Torun vous connaissez ? Si vous répondez oui, c’est que vous êtes soit un fin connaisseur en pains d’épices, la spécialité locale, soit le biographe de Nicolas Copernic, où il est né, soit enfin un expert en géographie polonaise. Pour tous les néophytes, Torun est une ville universitaire à quelque 250 km de Varsovie. Le nouveau centre d’art contemporain de Torun, dont les portes se sont ouvertes en juin 2008, est un lieu anachronique dans l’espace urbain. Les briques rouges et les grandes baies vitrées font presque oublier l’architecture soviétique de la ville, et abritent de bonnes surprises à l’intérieur.

Dans l’intimité de Janina Turek

Le premier étage, où sont présentés l’ensemble des carnets composés par Janina Turek (1921-2000), de l’âge de 13 ans jusqu’à sa disparition en 2000, plonge dans une sorte d’effroi et de perplexité.

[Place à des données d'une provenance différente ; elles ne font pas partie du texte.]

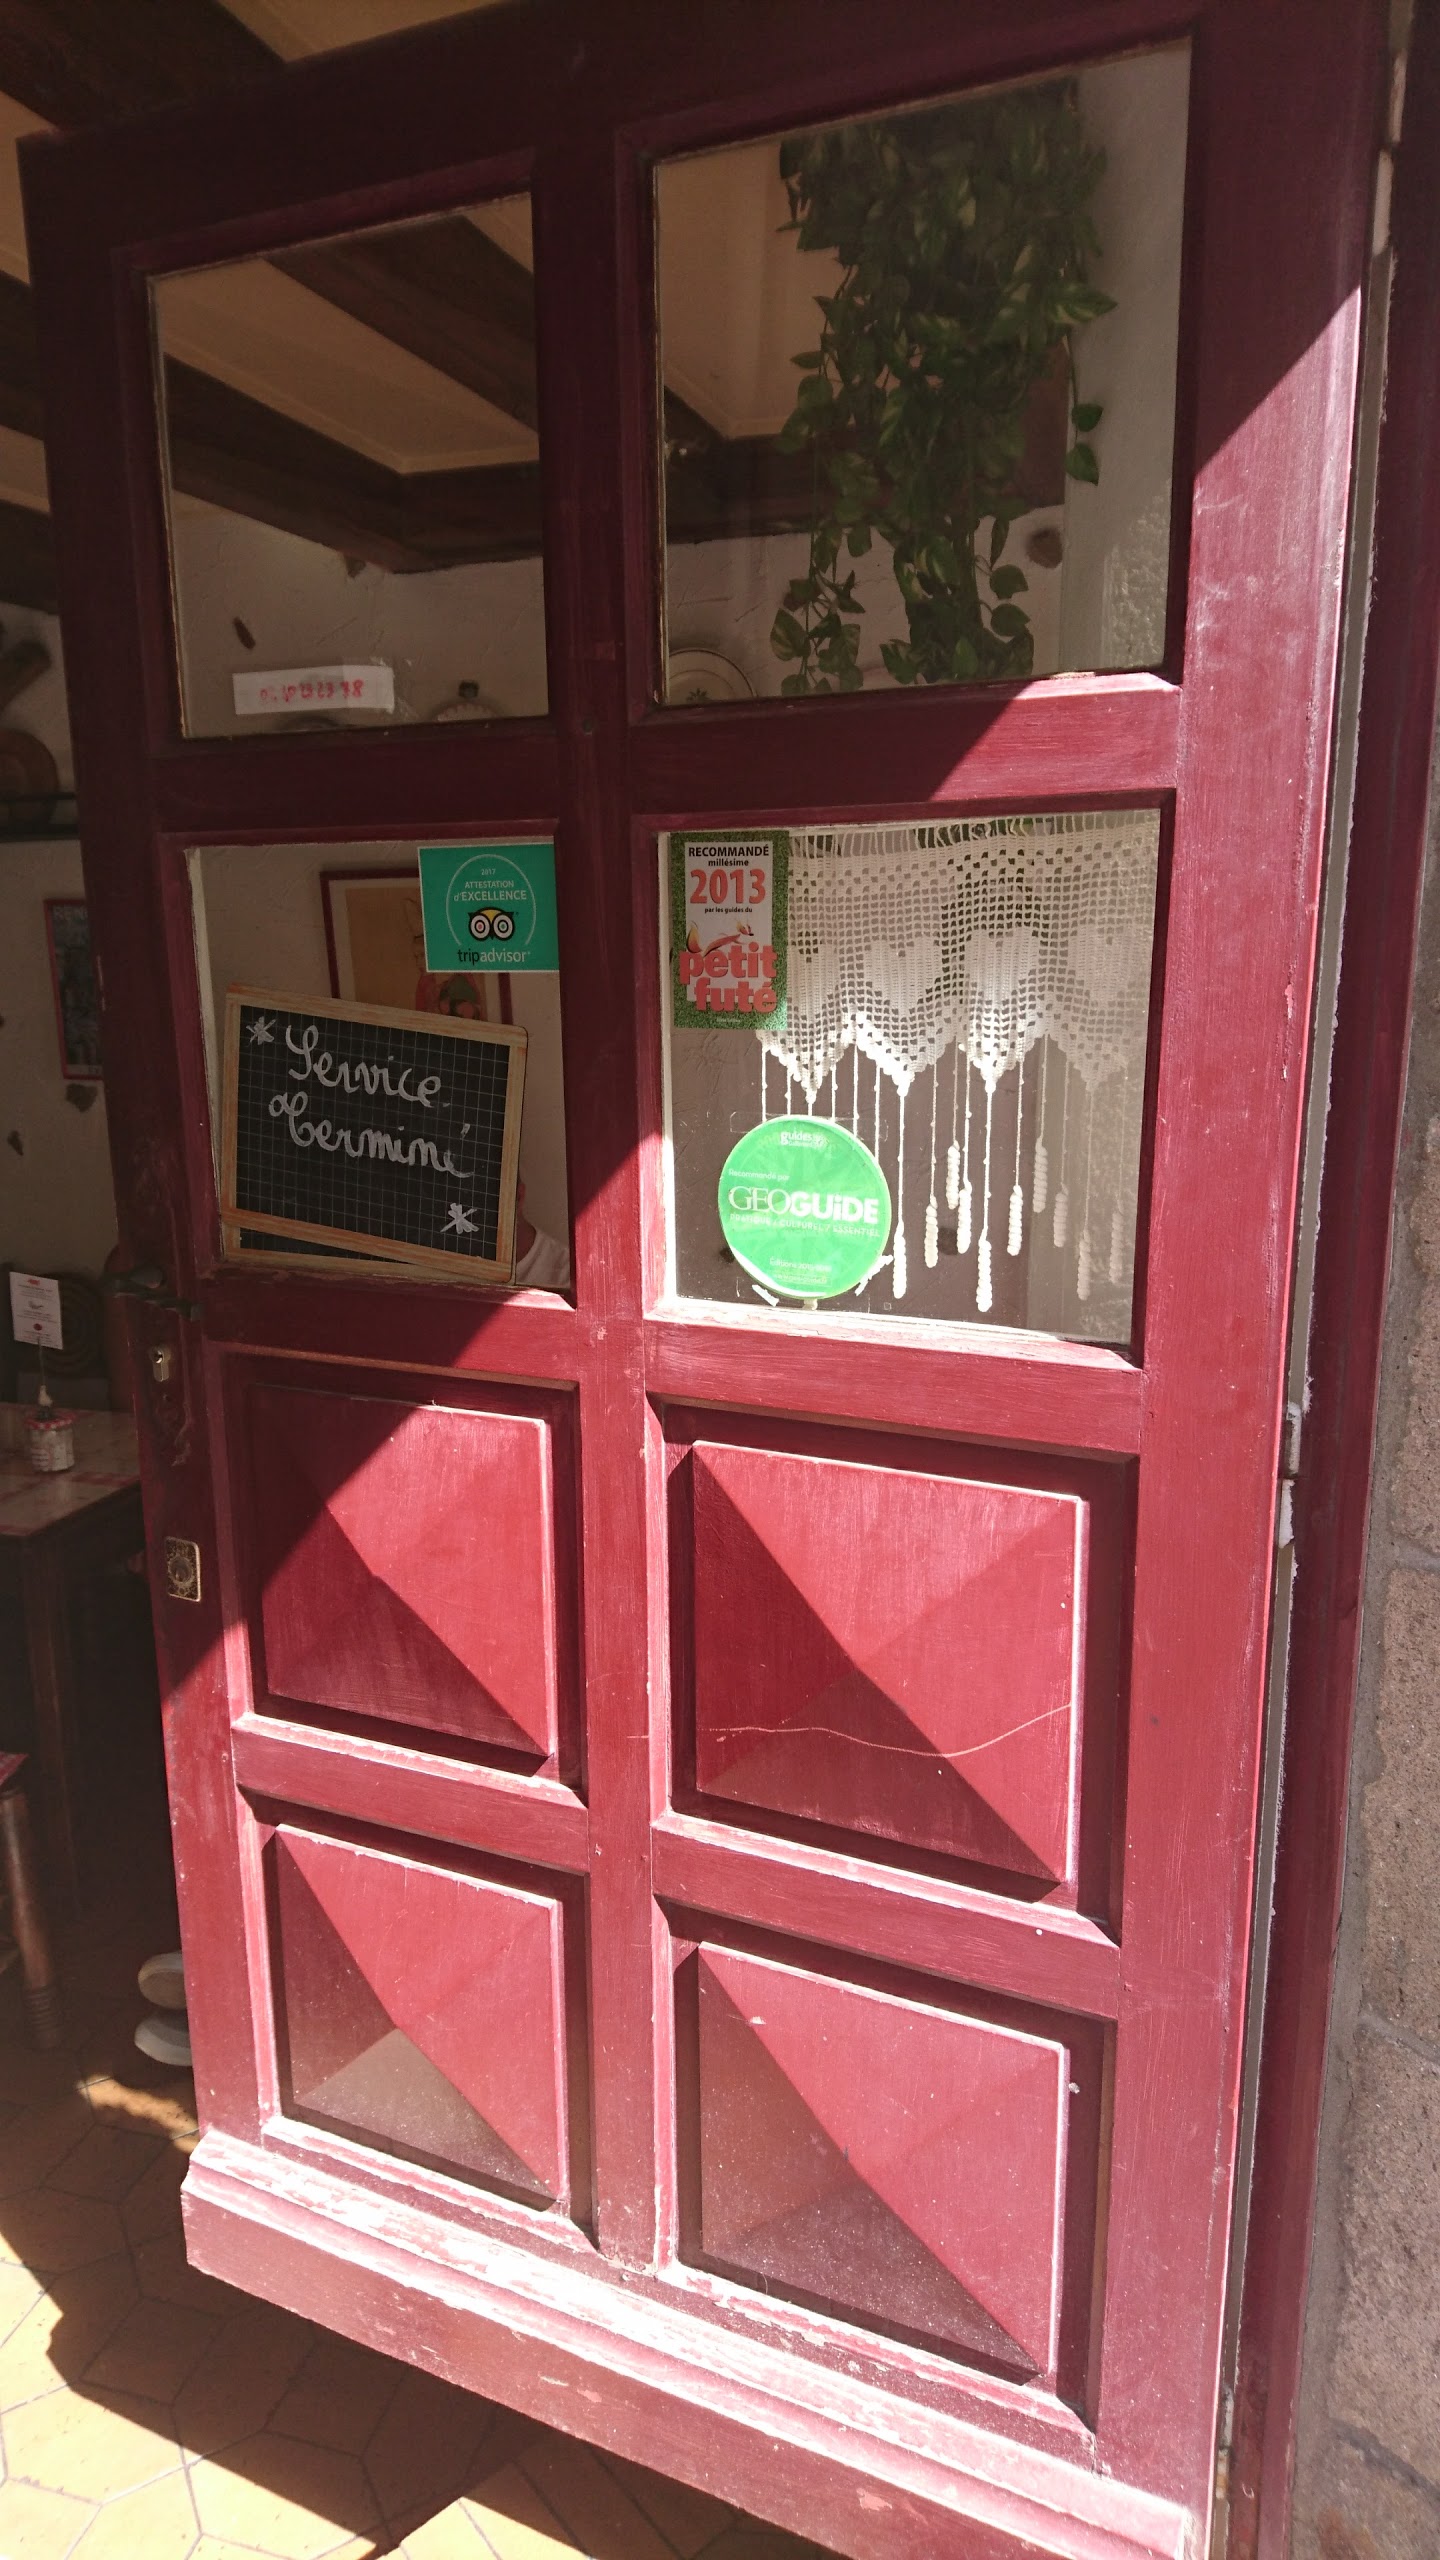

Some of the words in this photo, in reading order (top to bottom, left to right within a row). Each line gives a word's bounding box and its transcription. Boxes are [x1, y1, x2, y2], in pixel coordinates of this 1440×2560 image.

D’abord parce qu’ils ont peu de chose à voir avec des carnets d’artistes ou des cahiers d’esquisses. Présentés sous vitrine, ils ont tendance à se parer d’une aura muséale, les bonnes pages sont ouvertes, les plus belles couvertures sont présentées, bref toute l’artillerie scénographique pour présenter des livres ou des brouillons d’écrivains est de sortie. Etaient-ils réellement destinés à être vus par d’autres ? Ceux écrits dans sa jeunesse s’apparentent à de simples journaux intimes mais Janina Turek n’en reste pas à ce simple plaisir d’écrire. Le plus surprenant réside dans la découverte d’un système autonome d’écriture. Des chiffres, une sorte de code, viennent barrer, ou biffer la liste de ses rencontres sur l’un de ses albums ou la liste de ses repas sur un autre. Un commentaire crypté ? Nul ne le sait encore aujourd’hui. Dispositif dont elle seule connaissait la ou les clefs car rien n’indique qu’avec les années, elle n’a pas pu opérer plusieurs changements. Démarche compulsive, obsessionnelle mais calculée, un ou deux thèmes par an, ni plus ni moins, qui s’étalent parfois sur plusieurs carnets. Puis, à chaque fin d’année, d’étranges statistiques en sont tirées avant de passer aux suivants.

Une vie en carnets

Des milliers de carnets à déchiffrer, à tenter de classer par thèmes, au sein desquels les habitudes, l’ennui, la solitude, la vieillesse transparaissent. Durant l’année 1943, elle note scrupuleusement tous les films qu’elle a vus, puis tous les appels reçus, une autre année, elle se cantonne à retranscrire toutes ses balades, tous les cadeaux reçus et offerts. Quelques années plus tard en 1969, elle dressera la liste de toutes ses visites…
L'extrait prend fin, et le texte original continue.